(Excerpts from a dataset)
_ _ _

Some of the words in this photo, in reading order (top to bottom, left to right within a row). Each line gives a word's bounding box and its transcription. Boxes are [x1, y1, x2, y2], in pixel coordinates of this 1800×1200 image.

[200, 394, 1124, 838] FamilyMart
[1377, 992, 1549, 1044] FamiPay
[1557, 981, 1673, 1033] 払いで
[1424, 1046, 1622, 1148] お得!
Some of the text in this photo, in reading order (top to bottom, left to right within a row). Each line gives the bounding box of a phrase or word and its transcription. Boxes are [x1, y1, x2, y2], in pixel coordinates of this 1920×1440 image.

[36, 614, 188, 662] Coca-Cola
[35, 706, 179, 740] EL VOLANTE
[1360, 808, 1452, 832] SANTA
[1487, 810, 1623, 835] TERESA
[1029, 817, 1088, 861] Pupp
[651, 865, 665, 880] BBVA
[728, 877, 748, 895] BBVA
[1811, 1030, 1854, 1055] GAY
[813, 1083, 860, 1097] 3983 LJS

_ _ _

• What is required: Using the exact wording, write out all of the records.

• The answer:
Some of the words in this photo, in reading order (top to bottom, left to right within a row). Each line gives a word's bounding box and its transcription. Boxes are [x1, y1, x2, y2], in pixel coordinates of this 1800×1200 image.

[200, 394, 1124, 838] FamilyMart
[1377, 992, 1549, 1044] FamiPay
[1557, 981, 1673, 1033] 払いで
[1424, 1046, 1622, 1148] お得!
Some of the text in this photo, in reading order (top to bottom, left to right within a row). Each line gives the bounding box of a phrase or word and its transcription. Boxes are [x1, y1, x2, y2], in pixel coordinates of this 1920×1440 image.

[36, 614, 188, 662] Coca-Cola
[35, 706, 179, 740] EL VOLANTE
[1360, 808, 1452, 832] SANTA
[1487, 810, 1623, 835] TERESA
[1029, 817, 1088, 861] Pupp
[651, 865, 665, 880] BBVA
[728, 877, 748, 895] BBVA
[1811, 1030, 1854, 1055] GAY
[813, 1083, 860, 1097] 3983 LJS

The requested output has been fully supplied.